### [DESCRIPTION OF THE TASK]
Line by line, the data below should be set down unchanged, with images excluded.

[[ DATA open ]]

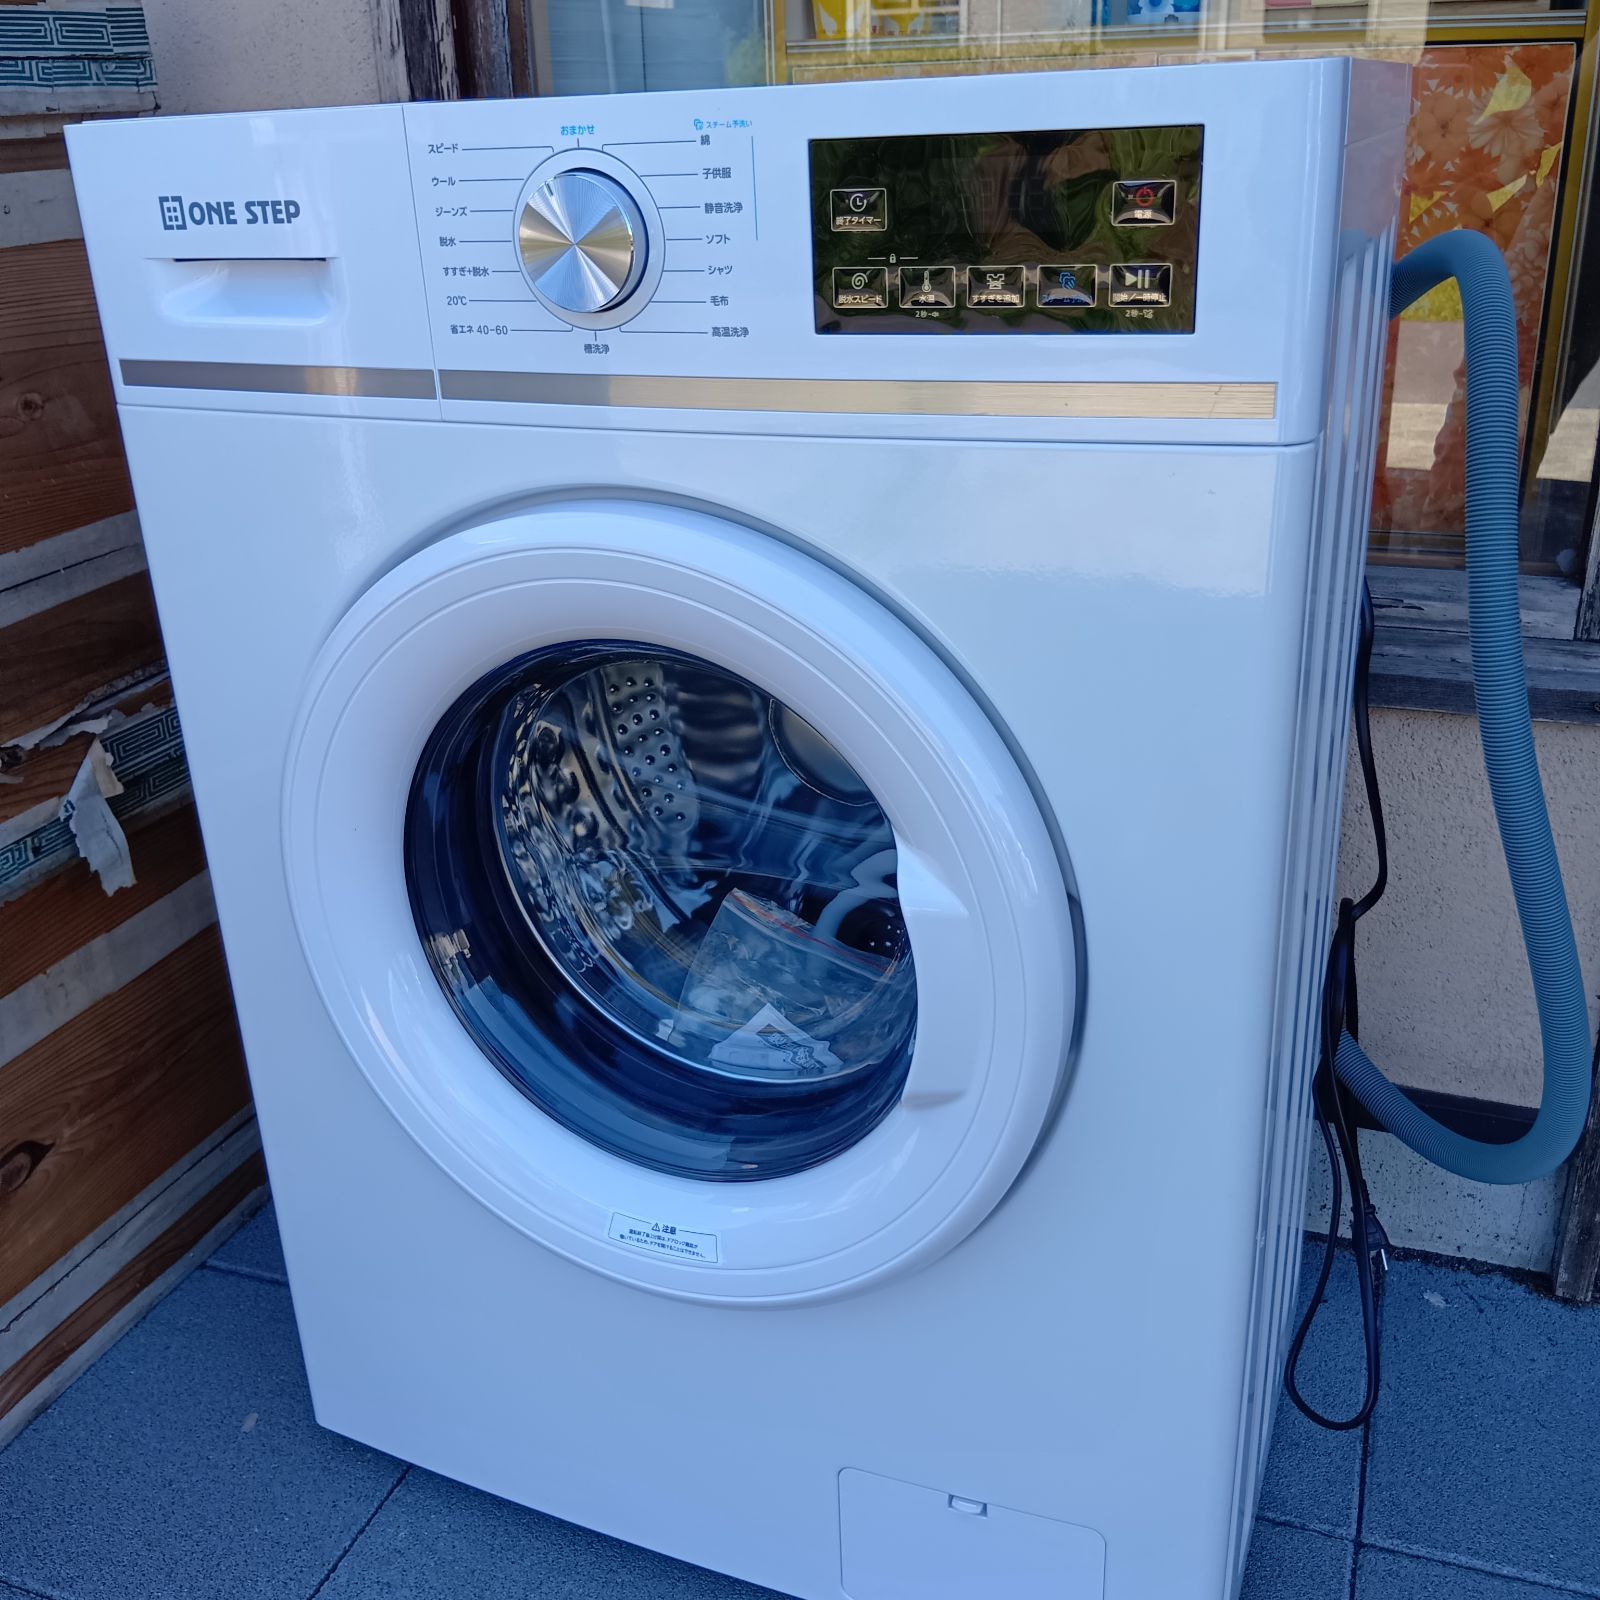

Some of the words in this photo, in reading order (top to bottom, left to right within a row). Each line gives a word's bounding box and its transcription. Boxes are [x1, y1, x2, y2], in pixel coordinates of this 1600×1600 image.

[560, 125, 595, 136] おまかせ
[700, 134, 711, 146] 綿
[427, 143, 459, 154] スピード
[702, 167, 732, 179] 子供服
[431, 176, 456, 187] ウール
[188, 201, 238, 226] ONE
[244, 199, 301, 225] STEP
[435, 206, 468, 217] ジーンズ
[704, 201, 744, 214] 静音洗浄
[835, 216, 882, 226] 終了タイマー
[439, 236, 457, 247] 脱水
[705, 233, 731, 245] ソフト
[442, 266, 490, 278] すすぎ+脱水
[707, 265, 733, 275] シャツ
[710, 295, 729, 306] 毛布
[838, 295, 882, 304] 脱水スピード
[450, 324, 474, 335] 省エネ
[476, 325, 508, 336] 40-60
[711, 326, 750, 338] 高温洗浄
[583, 343, 610, 354] 槽洗浄
[661, 1224, 677, 1235] 注意

[[ DATA closed ]]

### [ANSWER SECTION]
Some of the words in this photo, in reading order (top to bottom, left to right within a row). Each line gives a word's bounding box and its transcription. Boxes are [x1, y1, x2, y2], in pixel coordinates of this 1600×1600 image.

[560, 125, 595, 136] おまかせ
[700, 134, 711, 146] 綿
[427, 143, 459, 154] スピード
[702, 167, 732, 179] 子供服
[431, 176, 456, 187] ウール
[188, 201, 238, 226] ONE
[244, 199, 301, 225] STEP
[435, 206, 468, 217] ジーンズ
[704, 201, 744, 214] 静音洗浄
[835, 216, 882, 226] 終了タイマー
[439, 236, 457, 247] 脱水
[705, 233, 731, 245] ソフト
[442, 266, 490, 278] すすぎ+脱水
[707, 265, 733, 275] シャツ
[710, 295, 729, 306] 毛布
[838, 295, 882, 304] 脱水スピード
[450, 324, 474, 335] 省エネ
[476, 325, 508, 336] 40-60
[711, 326, 750, 338] 高温洗浄
[583, 343, 610, 354] 槽洗浄
[661, 1224, 677, 1235] 注意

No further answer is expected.